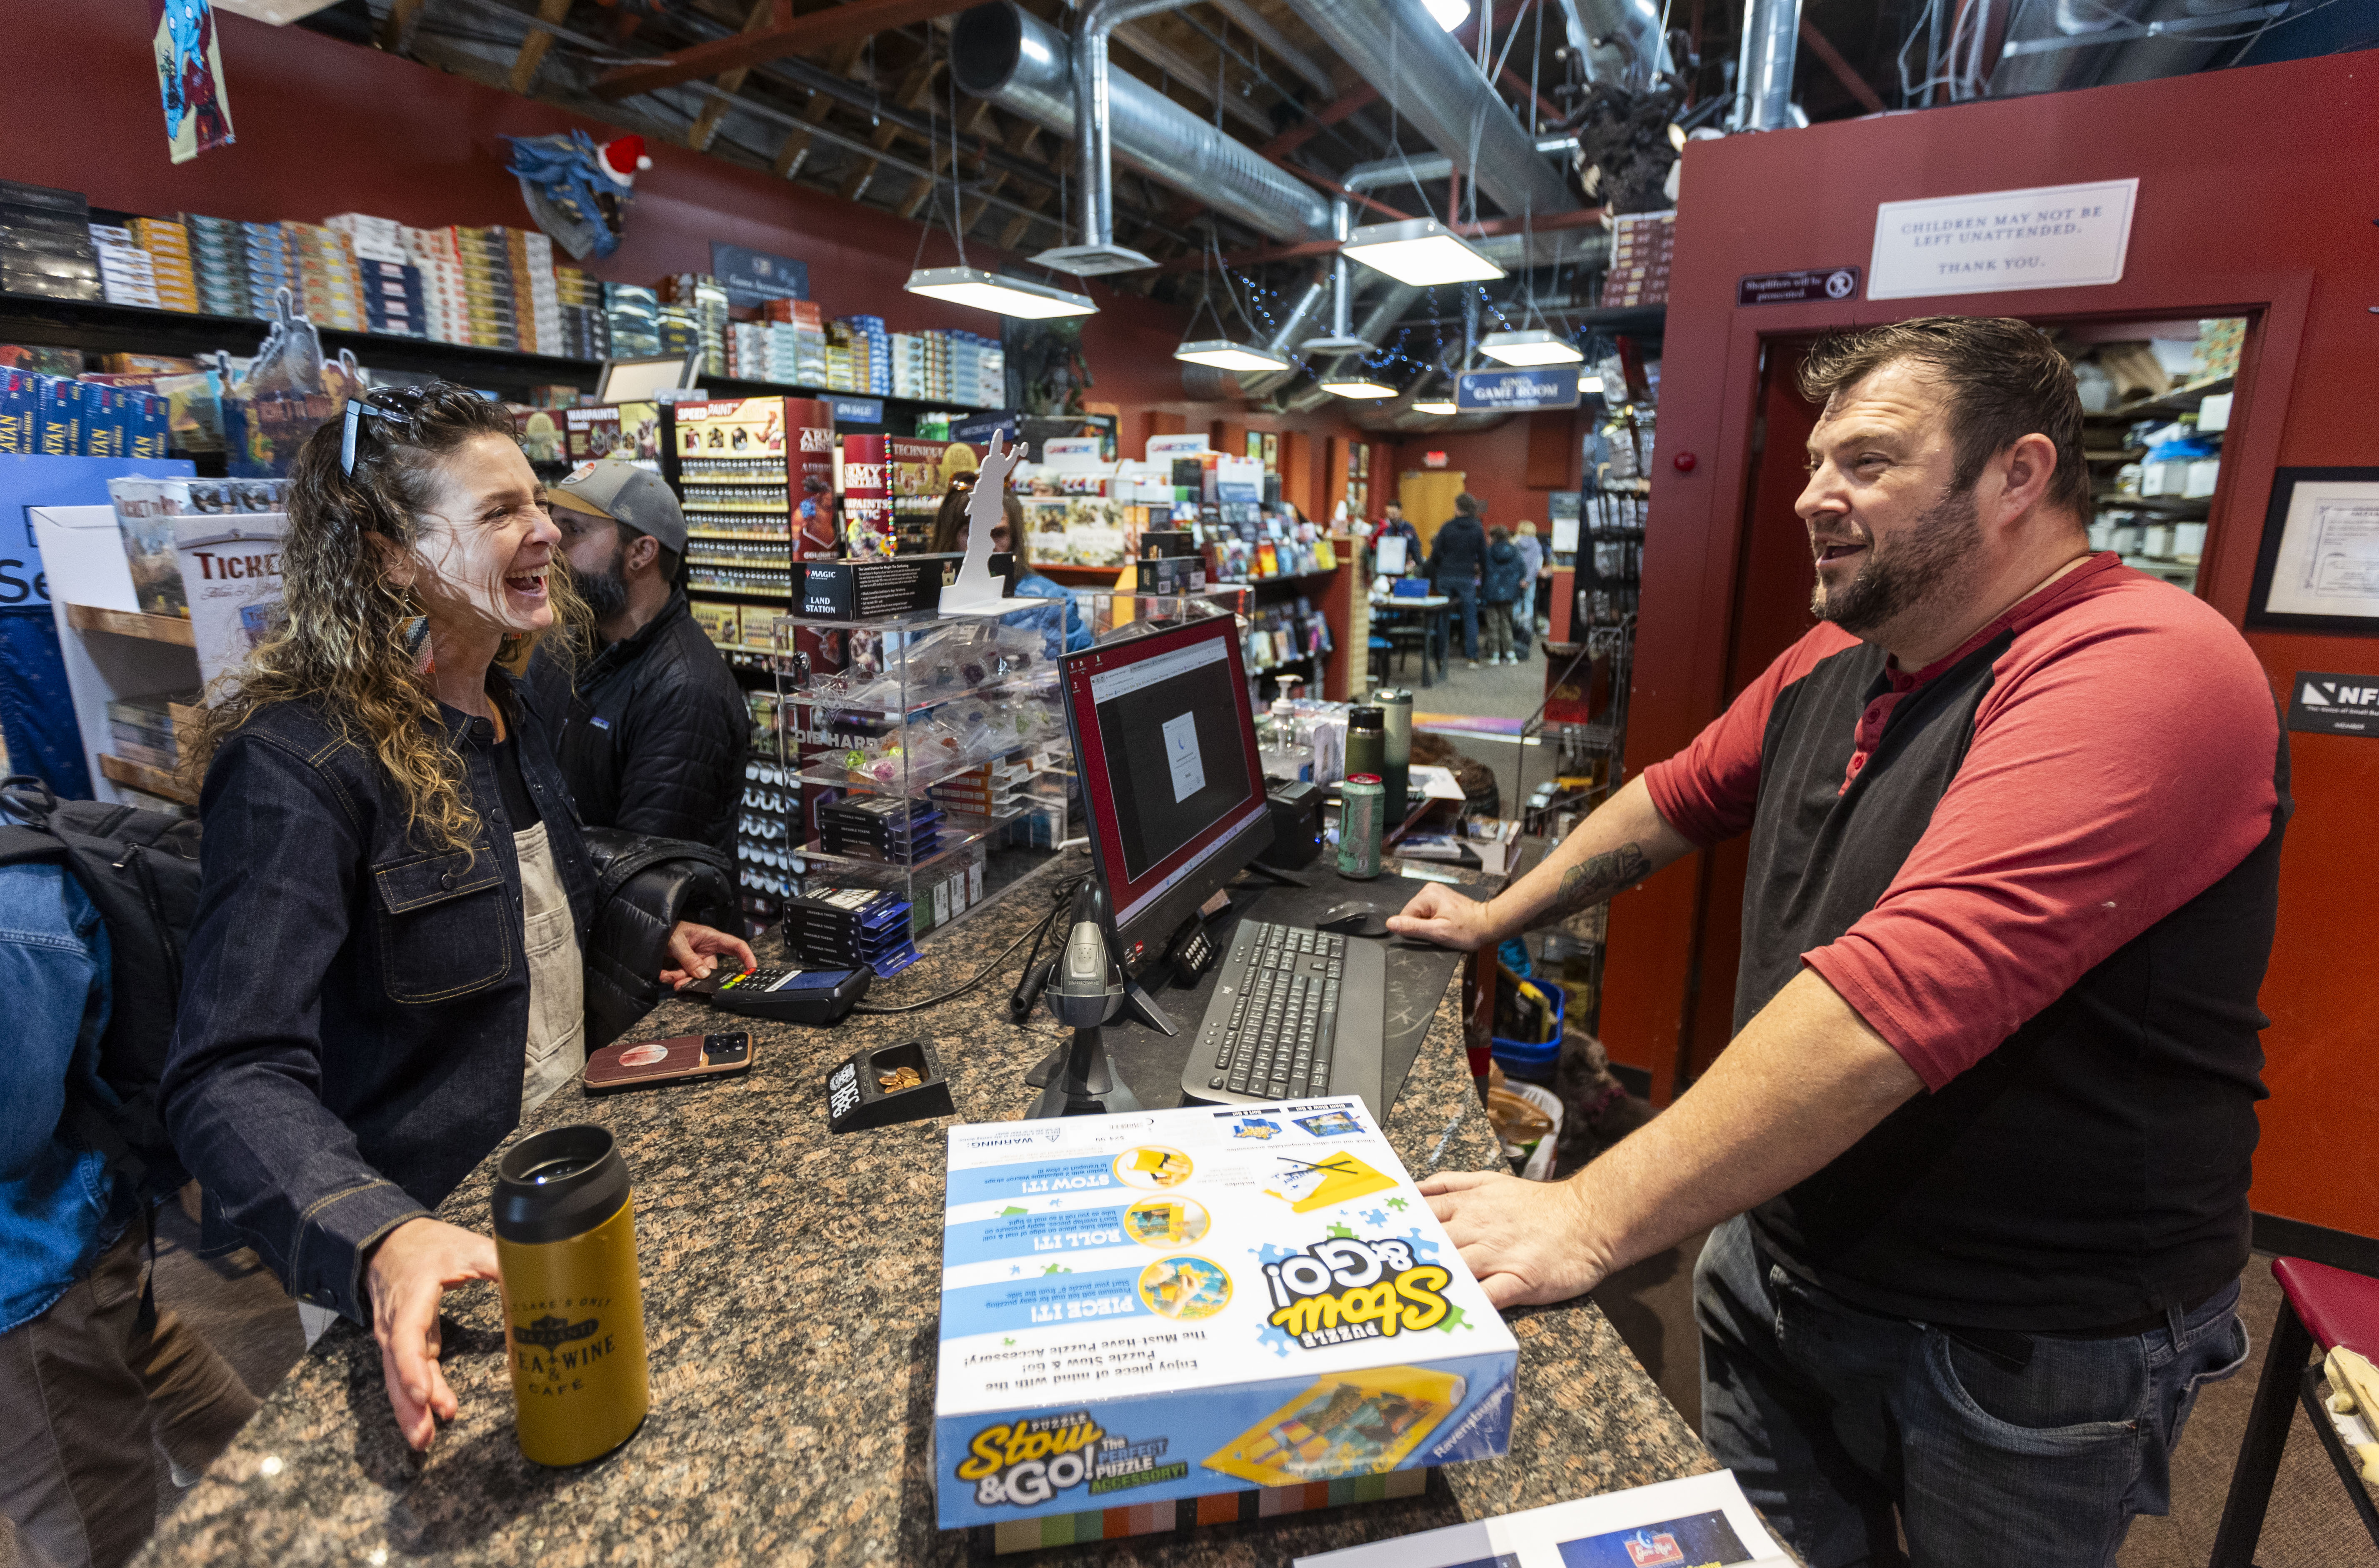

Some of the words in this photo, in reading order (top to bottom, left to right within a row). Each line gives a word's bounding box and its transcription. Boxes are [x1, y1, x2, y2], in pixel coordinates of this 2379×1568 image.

[1901, 218, 1986, 235] CHILDREN
[1994, 213, 2030, 226] MAY
[2036, 210, 2072, 223] NOT
[2081, 206, 2103, 218] BE
[1914, 235, 1953, 247] LEFT
[1960, 223, 2081, 243] UNATTENDED.
[1938, 258, 1996, 275] THANK
[2004, 256, 2045, 270] YOU.
[678, 408, 708, 420] SPEED
[46, 421, 65, 455] ATAN
[192, 552, 279, 580] TICKE
[811, 596, 830, 605] LAND
[806, 604, 836, 614] STATION
[2337, 686, 2379, 705] NF
[843, 1079, 860, 1109] DCC
[967, 1138, 1033, 1148] WARNING:
[1070, 1163, 1098, 1172] transport
[1031, 1172, 1063, 1180] adjustable
[1051, 1174, 1109, 1191] STOW
[1021, 1180, 1048, 1193] IT!
[995, 1224, 1026, 1233] pressure
[1033, 1235, 1062, 1251] IT!
[1066, 1228, 1121, 1247] ROLL
[1068, 1283, 1092, 1292] puzzle
[1094, 1281, 1110, 1289] your
[1098, 1288, 1131, 1296] Premium
[579, 1298, 612, 1308] ONLY
[1066, 1295, 1136, 1319] PIECE
[1272, 1266, 1448, 1337] Stow
[1031, 1302, 1063, 1323] IT!
[1101, 1332, 1178, 1350] Must-Have
[1181, 1329, 1208, 1342] The
[1301, 1321, 1379, 1348] PUZZLE
[519, 1352, 543, 1373] EA
[562, 1333, 615, 1370] WINE
[1049, 1342, 1096, 1355] Puzzle
[963, 1348, 1045, 1368] Accessory!
[1067, 1355, 1103, 1368] Stow
[1108, 1350, 1155, 1363] Puzzle
[1021, 1362, 1046, 1373] Go!
[1051, 1360, 1061, 1370] &
[1114, 1362, 1153, 1377] piece
[1158, 1358, 1198, 1372] Enjoy
[1053, 1372, 1090, 1384] mind
[1095, 1369, 1109, 1381] of
[985, 1381, 1009, 1393] the
[1015, 1376, 1048, 1390] with
[1031, 1413, 1088, 1433] PUZZLE
[958, 1419, 1105, 1480] Stow
[1101, 1438, 1126, 1450] The
[1098, 1440, 1168, 1463] PERFECT
[1096, 1457, 1154, 1480] PUZZLE
[1090, 1463, 1187, 1495] ACCESSORY!
[1635, 1545, 1655, 1562] Game
[1654, 1541, 1673, 1556] Night
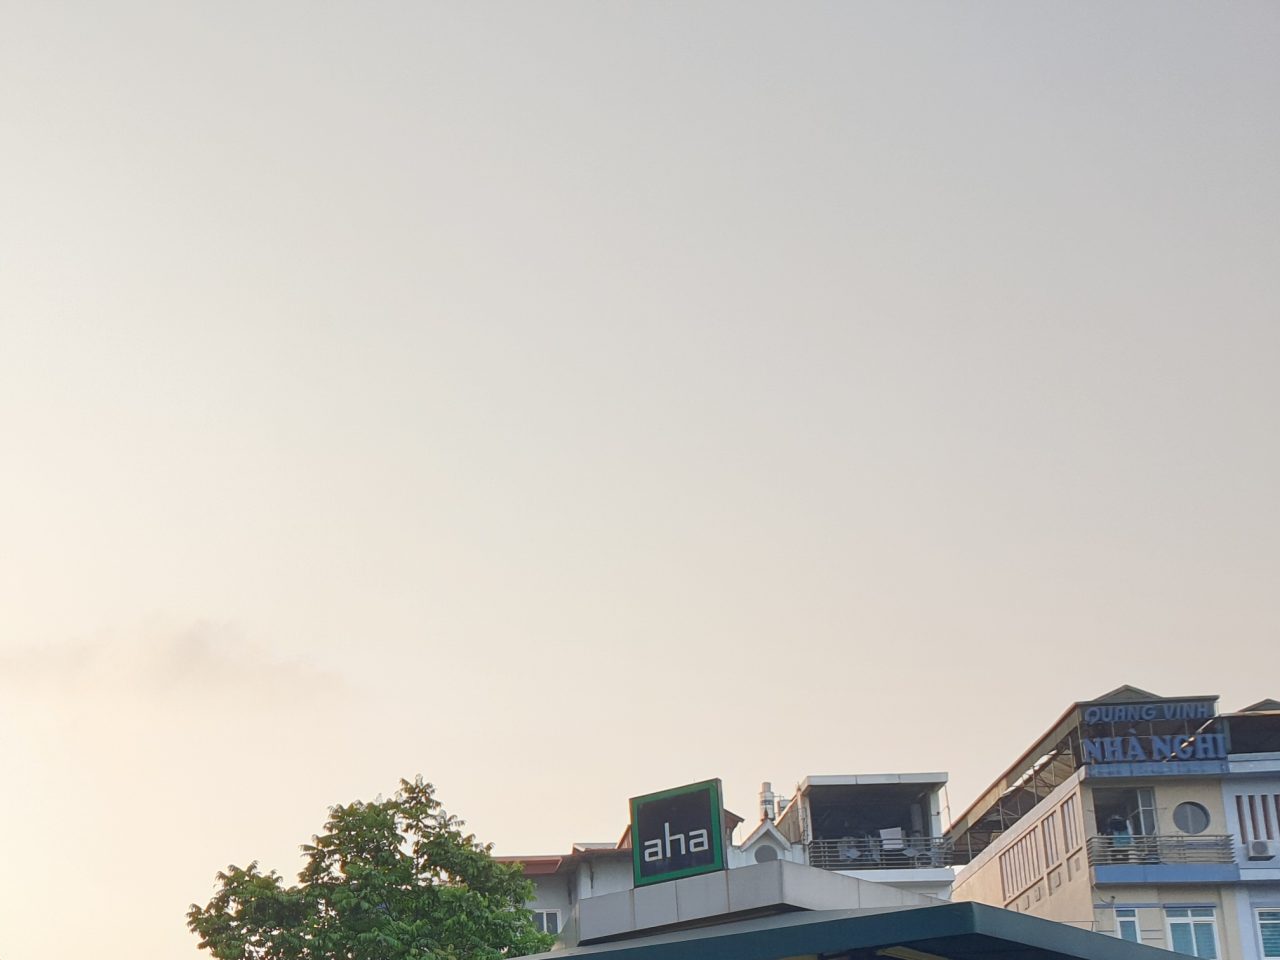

§ Exercise directions
Line by line, transcribe the records exactly, omitting the images.

§ Answer box
Some of the words in this photo, in reading order (top to bottom, left to right within a row). Each line gives a word's bounding box and its transcription. Boxes are [x1, y1, x2, y2], in pixel coordinates of this 2379×1568 image.

[1901, 218, 1986, 235] CHILDREN
[1994, 213, 2030, 226] MAY
[2036, 210, 2072, 223] NOT
[2081, 206, 2103, 218] BE
[1914, 235, 1953, 247] LEFT
[1960, 223, 2081, 243] UNATTENDED.
[1938, 258, 1996, 275] THANK
[2004, 256, 2045, 270] YOU.
[678, 408, 708, 420] SPEED
[46, 421, 65, 455] ATAN
[192, 552, 279, 580] TICKE
[811, 596, 830, 605] LAND
[806, 604, 836, 614] STATION
[2337, 686, 2379, 705] NF
[843, 1079, 860, 1109] DCC
[967, 1138, 1033, 1148] WARNING:
[1070, 1163, 1098, 1172] transport
[1031, 1172, 1063, 1180] adjustable
[1051, 1174, 1109, 1191] STOW
[1021, 1180, 1048, 1193] IT!
[995, 1224, 1026, 1233] pressure
[1033, 1235, 1062, 1251] IT!
[1066, 1228, 1121, 1247] ROLL
[1068, 1283, 1092, 1292] puzzle
[1094, 1281, 1110, 1289] your
[1098, 1288, 1131, 1296] Premium
[579, 1298, 612, 1308] ONLY
[1066, 1295, 1136, 1319] PIECE
[1272, 1266, 1448, 1337] Stow
[1031, 1302, 1063, 1323] IT!
[1101, 1332, 1178, 1350] Must-Have
[1181, 1329, 1208, 1342] The
[1301, 1321, 1379, 1348] PUZZLE
[519, 1352, 543, 1373] EA
[562, 1333, 615, 1370] WINE
[1049, 1342, 1096, 1355] Puzzle
[963, 1348, 1045, 1368] Accessory!
[1067, 1355, 1103, 1368] Stow
[1108, 1350, 1155, 1363] Puzzle
[1021, 1362, 1046, 1373] Go!
[1051, 1360, 1061, 1370] &
[1114, 1362, 1153, 1377] piece
[1158, 1358, 1198, 1372] Enjoy
[1053, 1372, 1090, 1384] mind
[1095, 1369, 1109, 1381] of
[985, 1381, 1009, 1393] the
[1015, 1376, 1048, 1390] with
[1031, 1413, 1088, 1433] PUZZLE
[958, 1419, 1105, 1480] Stow
[1101, 1438, 1126, 1450] The
[1098, 1440, 1168, 1463] PERFECT
[1096, 1457, 1154, 1480] PUZZLE
[1090, 1463, 1187, 1495] ACCESSORY!
[1635, 1545, 1655, 1562] Game
[1654, 1541, 1673, 1556] Night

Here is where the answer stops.